# Apply for mother and sister visit visa



## zamhussain (Oct 17, 2013)

Hi everyone, 

Just wondering if someone could help me with some information on Subclass 600 Visa. I need to apply for visit visa for my mother and sister to come and visit us from Pakistan. Both me and wife are Australian permanent resident (apply for citizenship in december this year) and full time employee in finance company. 

1- Mother

I am getting my mother to apply for Visa Subclass 600 (Tourist Stream) for upto 6 months or so. She is in her 60's and visiting me for the first time to take care for my pregnant wife. As per the information on dimia website it appears that she need to fill form 1419 and apply locally at one of the visa processing centre in Pakistan. 

Is that correct. Am i ok to apply for Tourist stream or should i consider Family Streamed Sponsored visa for her?

2- Sister

I am little confused here as i need to apply for my sister who is a housewife in her 30's and visiting Australia for the first time. She only needs to visit me for 3 month max. I am not sure whether i should apply for Visa Subclass 600 (Tourist Stream) for her or Sponsored Family Visit Visa stream under subclass 600. It is fine for me to pay security bond if need be. 

As per dimia website she need to submit her application to Sponsored Family Visitor Processing Center in NSW. Not sure if she can submit application at local embassy in pakistan?
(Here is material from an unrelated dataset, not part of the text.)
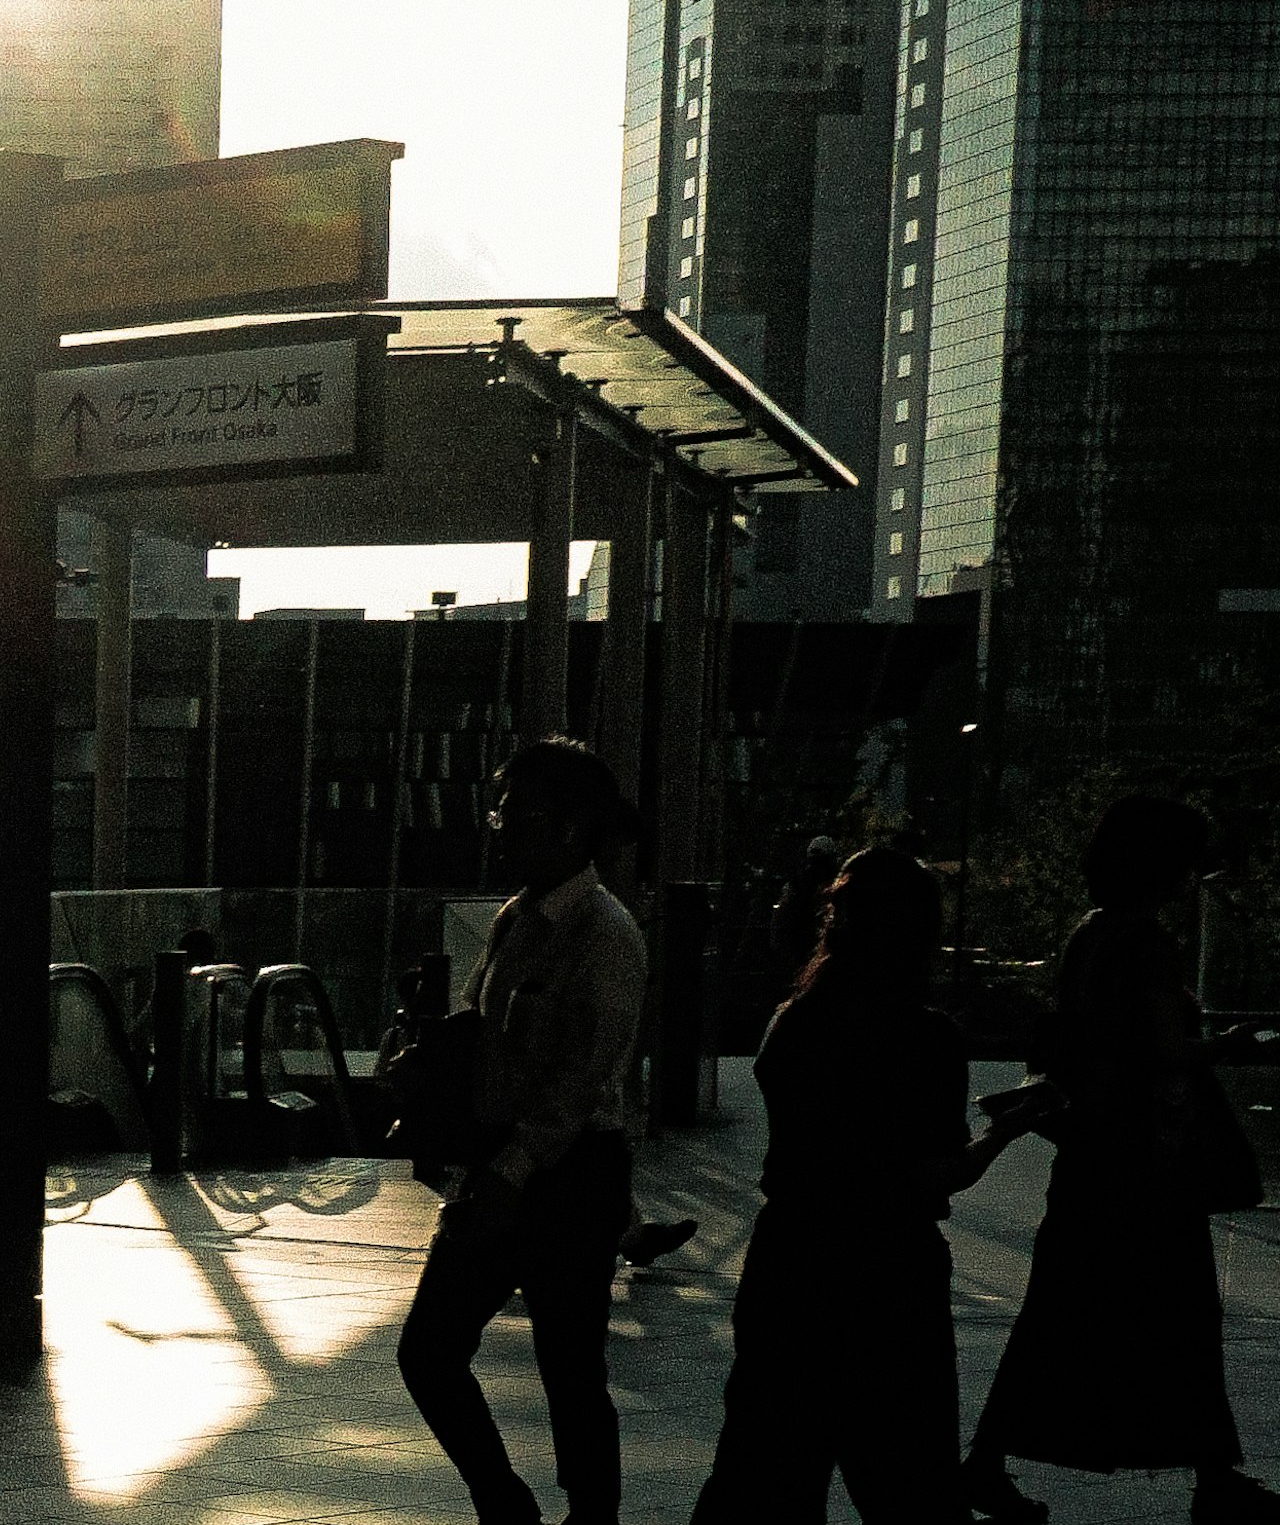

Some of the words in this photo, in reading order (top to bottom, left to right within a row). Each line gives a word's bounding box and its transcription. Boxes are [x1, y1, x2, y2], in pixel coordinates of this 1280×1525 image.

Also can i take my chances on this visa and apply for tourist visa for my sister as well?

Any help would be greatly appreciated. 

Have a good day. 

Thanks, 

Zam


----------



## GBP (Jun 1, 2013)

Try to search this forum, this topic has been discussed earlier on.

I happened to found this for you:
http://www.australiaforum.com/visas...600-visa-tourist-sponsored-family-stream.html


----------